Education and skills

Young people should have every opportunity to lead rewarding lives, and this significantly depends on having access to the best possible education. Ensuring that future citizens from all backgrounds experience a good education is the most effective pathway to fulfilling careers, meaningful engagement with society and developing a sense of place and purpose in a rapidly changing world.

How education and skills empower people

The foundations of the scientific knowledge and skills that produce the best scientists are established in schools and colleges and nurtured by committed and talented teachers. Our daily lives are infused with science, mathematics and technology, which underpin almost every aspect of the modern world; from the smartphones that we use to communicate and algorithms that recognise disease at the earliest stage, to energy storage solutions that will contribute to reducing our reliance on fossil fuels. 

A broad education including science, mathematics, computing, arts and humanities provides a strong grounding for everyone to live well and contribute their talents to the world. In a rapidly changing world, we need more young people from more diverse backgrounds to have a broad set of knowledge and skills that can lead to STEM careers. A good education also means ensuring that all citizens benefit from the opportunities presented by science, at the same time developing the ability to engage confidently in discussion around how its applications shape society.  

This is why as part of its mission to apply science for the benefit of humanity, the Royal Society acts both to inspire young people through engagement with schools and colleges, and to be a major contributor in helping to shape the educational system and landscape through its research and policy work. 

For the UK to maintain and grow its status as a world-leading scientific nation, it must nurture the next generation of scientists, mathematicians and engineers within an education system redesigned for the future. The Royal Society has long supported reform to reflect the changing nature of research, innovation, the development of essential skills and the connectedness between science and other subject disciplines.

This means transforming young people’s school experience so that they no longer need to make ‘high stakes’ choices about their futures at an early age, and where technical and vocational learning are truly valued alongside academic routes, and both are associated with quality and rigour.

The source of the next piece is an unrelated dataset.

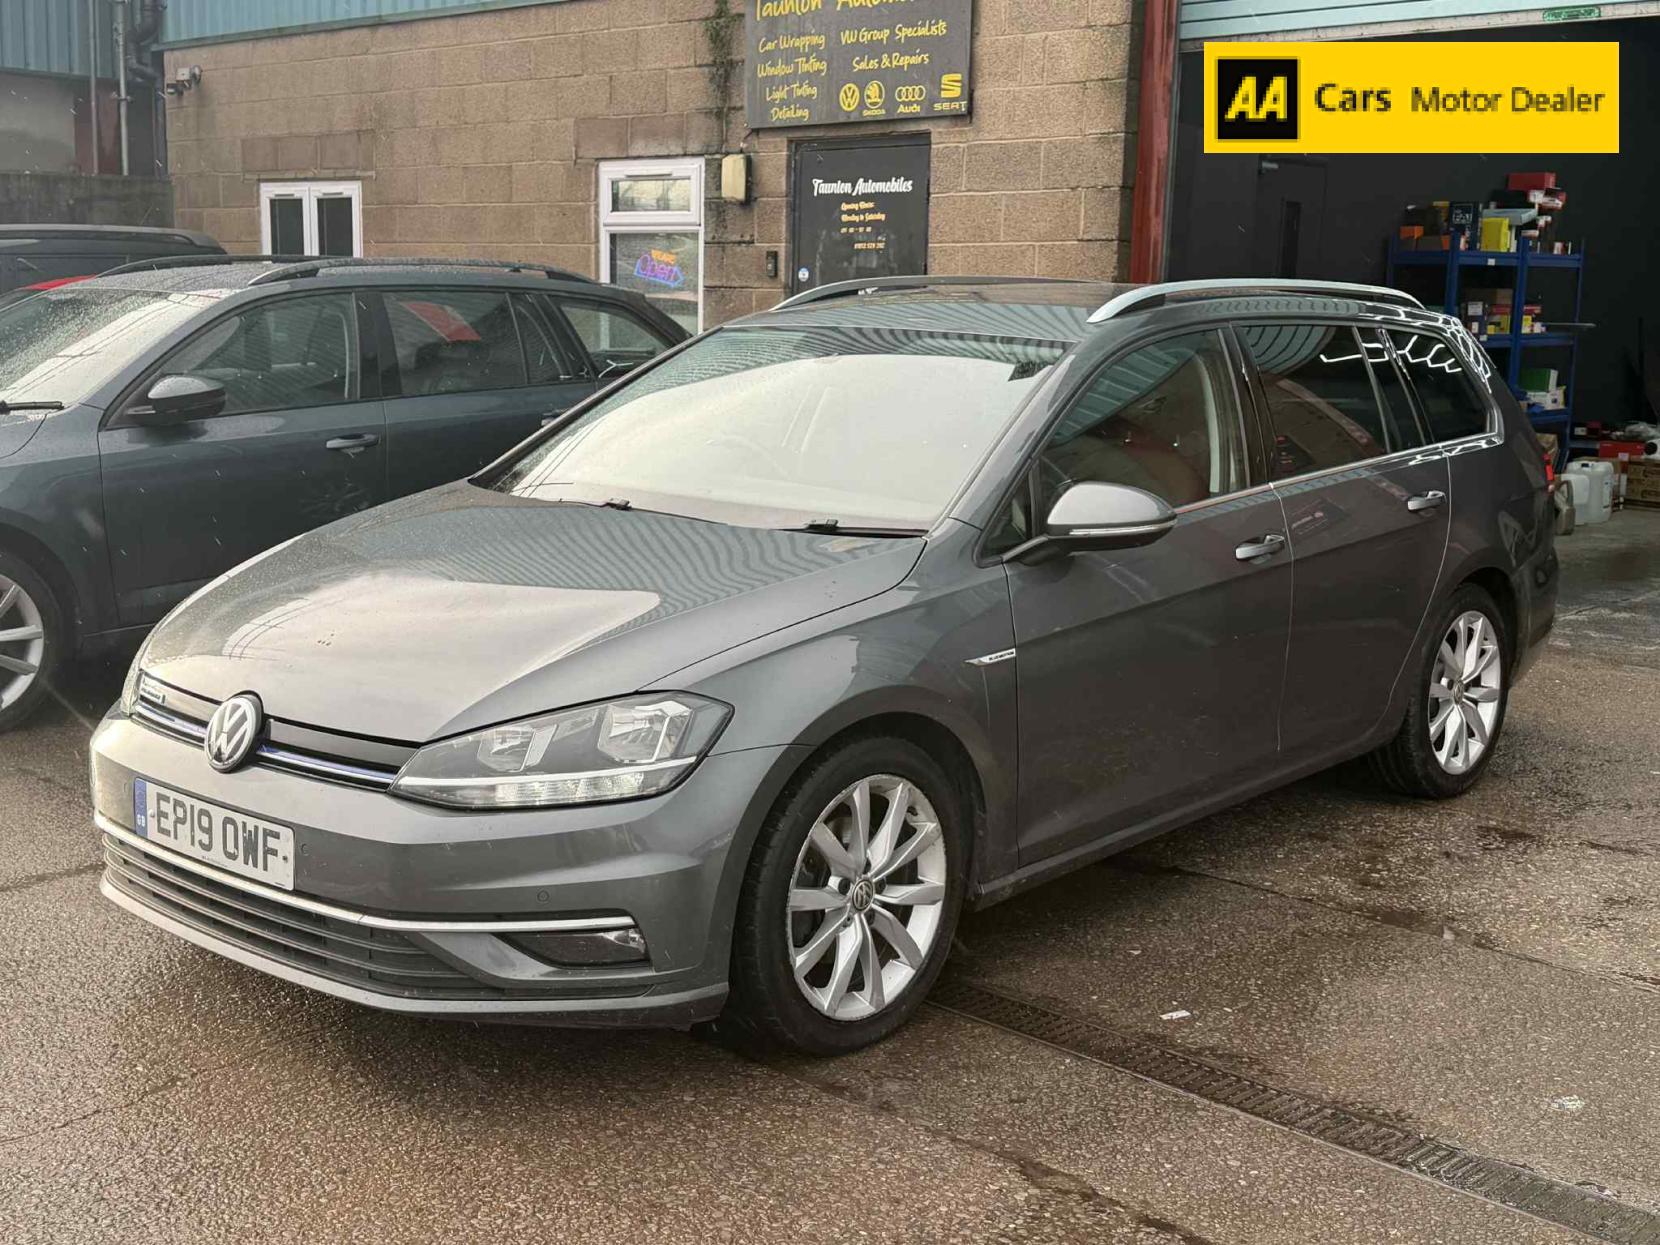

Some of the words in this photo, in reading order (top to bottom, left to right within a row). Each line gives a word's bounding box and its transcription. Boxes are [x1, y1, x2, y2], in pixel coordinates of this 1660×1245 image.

This will require ambitious, long-term reforms across the whole of the education system. Which is why the Royal Society is seeking that all political parties make education a policy priority, including a long-term commitment to reform to the system so all young people are equipped with the knowledge and skills they need.

Data plays an increasingly important part in our daily lives, whether in research, at work, as consumers or as everyday citizens. Over recent years the Royal Society’s Advisory Committee on Mathematics Education has undertaken a programme to explore how maths education needs to evolve to meet this need. New courses and new ways of approaching how young people learn about maths and data, statistics and numeracy, are anticipated by the ‘Mathematical Futures’ Programme. As a precursor the Society and the British Academy are supporting greater awareness and uptake of core maths courses, designed for post-16 students who may need the subject for further study or training but not as a specialist subject.

Digital technology promises to change how teachers teach and how students learn, while the demand for computational expertise should produce courses that lead to new career pathways and skills. Young people will need to understand how these digital tools work as well as learning how best to employ them, while their teachers will make use of these powerful technologies to inspire and excite. Perhaps the most exciting potential is that emerging technology offers the possibility of a personal learning journeys for every student, helping teacher and student to diagnose misconceptions and guide along a bespoke learning path. The Society is working with its Fellows and leading educationalists to help understand how to make this a reality.

A good education is one that inspires the next generation and is therefore heavily reliant on a strong supply of confident and knowledgeable STEM and other teachers, valued and recognised for their professionalism. The technical and applied challenges presented by AI, data and sustainability in science and education, increase the need for teachers to remain up to date. In addition to the Society’s backing for subject professional learning the Royal Society offers teachers a range of valued initiatives and educational resources to enhance the teaching and learning of science.

These include a series of school experiments presented by Professor Brian Cox, scientifically robust resources on topics such as climate change and biodiversity and activities intended to bring the power of science alive. We also produce resources designed to help teachers demonstrate the wealth of opportunities that are available to students through science.

The Royal Society also runs the Partnership Grants scheme (including the Tomorrow's Climate Scientists extension), which supports schools to engage with STEM professionals from academia or industry to run investigative projects in schools.

Our digital world offers many exciting opportunities but also presents major challenges. Tomorrow’s citizens will need to separate fact from fiction and be confident to choose trusted sources of information over others.

A good science education helps young people to acquire knowledge and skills, but also demonstrates how science is done. Science is based around evidence that can be trusted, tested and reproduced. In an age of misinformation and disinformation, young people need to be confident curators of knowledge and capable users of data. Which is why the Royal Society sees scientific literacy and the establishing of strong quantitative skills as core components of its educational strategy.

Establishing scientific literacy is vital for our democracy since it helps people make informed choices about themselves and their society. It helps to protect against inaccurate or misleading information, while also giving them the skills they need in their careers. It will also be vital in helping people to understand the often, hard choices they will face as the world tries to tackle global challenges.